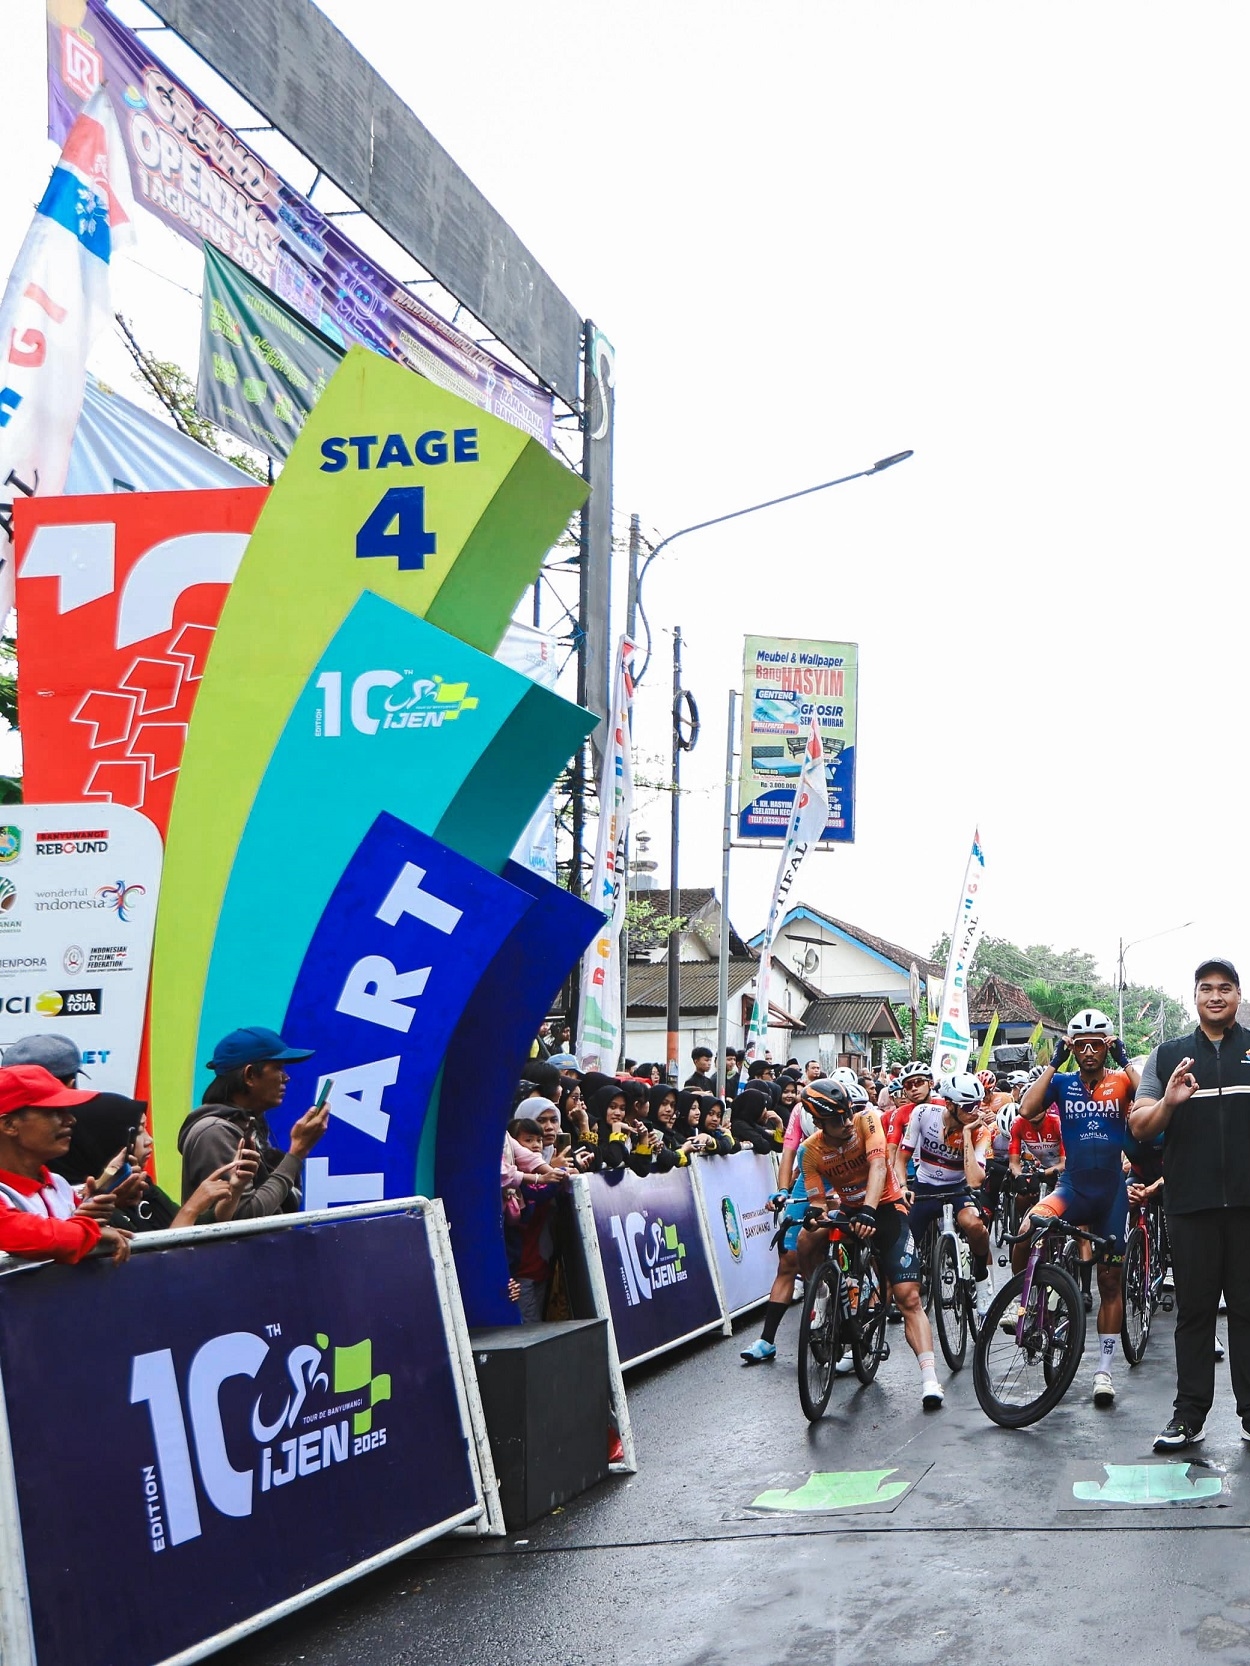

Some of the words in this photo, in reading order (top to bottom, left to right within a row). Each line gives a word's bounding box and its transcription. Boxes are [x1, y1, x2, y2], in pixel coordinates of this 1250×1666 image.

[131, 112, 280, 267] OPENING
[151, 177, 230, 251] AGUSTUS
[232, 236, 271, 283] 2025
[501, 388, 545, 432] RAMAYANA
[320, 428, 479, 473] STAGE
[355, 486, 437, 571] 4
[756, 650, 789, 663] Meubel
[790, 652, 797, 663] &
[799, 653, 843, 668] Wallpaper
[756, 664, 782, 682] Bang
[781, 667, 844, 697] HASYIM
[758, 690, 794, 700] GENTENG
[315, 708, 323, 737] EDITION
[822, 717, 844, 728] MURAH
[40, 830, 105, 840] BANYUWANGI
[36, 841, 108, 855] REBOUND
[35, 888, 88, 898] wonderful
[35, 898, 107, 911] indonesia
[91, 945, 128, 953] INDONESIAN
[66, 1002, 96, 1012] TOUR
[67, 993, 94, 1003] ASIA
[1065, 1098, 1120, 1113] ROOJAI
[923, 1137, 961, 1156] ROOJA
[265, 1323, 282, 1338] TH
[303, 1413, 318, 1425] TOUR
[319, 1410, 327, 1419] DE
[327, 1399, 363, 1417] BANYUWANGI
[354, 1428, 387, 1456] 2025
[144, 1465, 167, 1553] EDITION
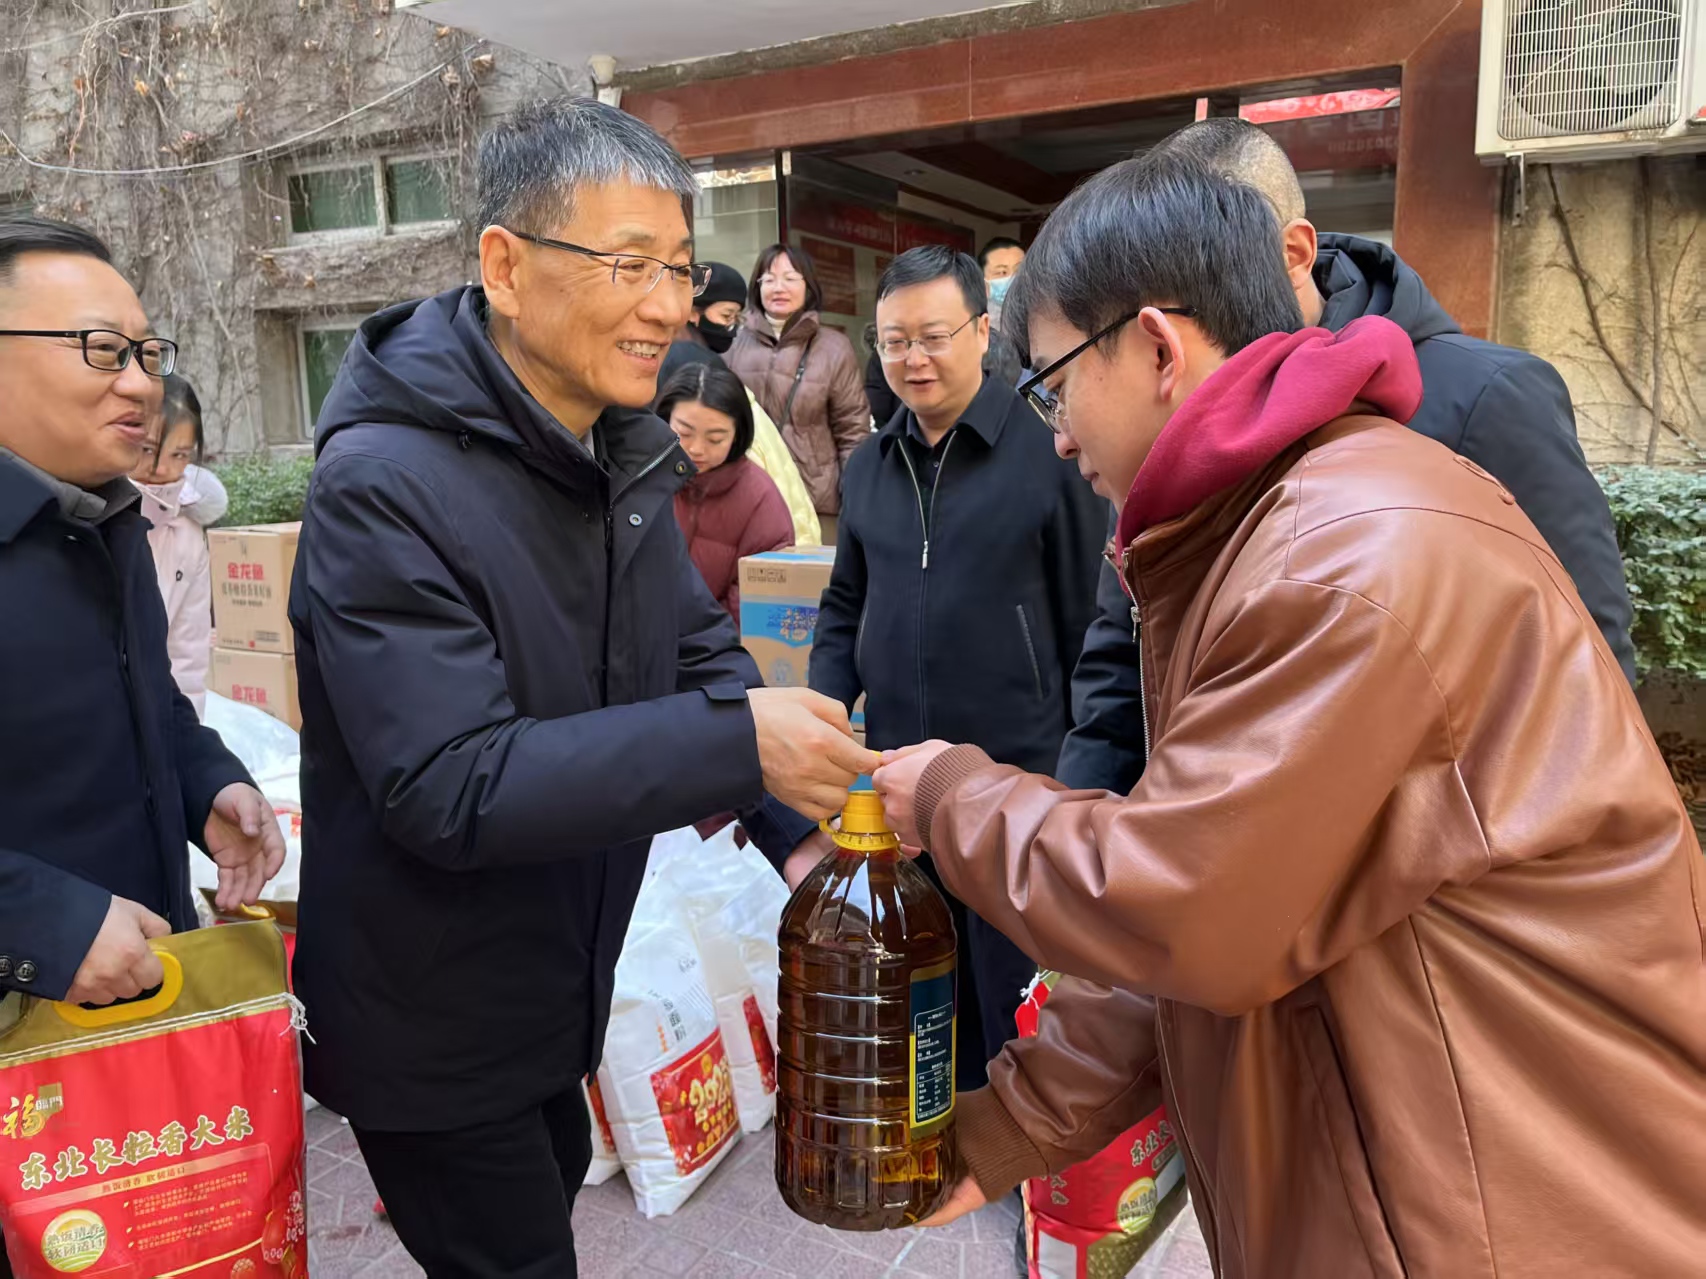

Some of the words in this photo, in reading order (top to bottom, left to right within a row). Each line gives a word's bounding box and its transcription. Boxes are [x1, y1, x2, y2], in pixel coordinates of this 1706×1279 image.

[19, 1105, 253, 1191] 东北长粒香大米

* Instructions to follow *
The expected output is the run of lines from the one that includes "this 1706×1279 image." through the end of the listing above, exactly as they stand.

* Written reply *
Some of the words in this photo, in reading order (top to bottom, left to right within a row). Each line gives a word's bounding box and its transcription. Boxes are [x1, y1, x2, y2], in pixel coordinates of this 1706×1279 image.

[19, 1105, 253, 1191] 东北长粒香大米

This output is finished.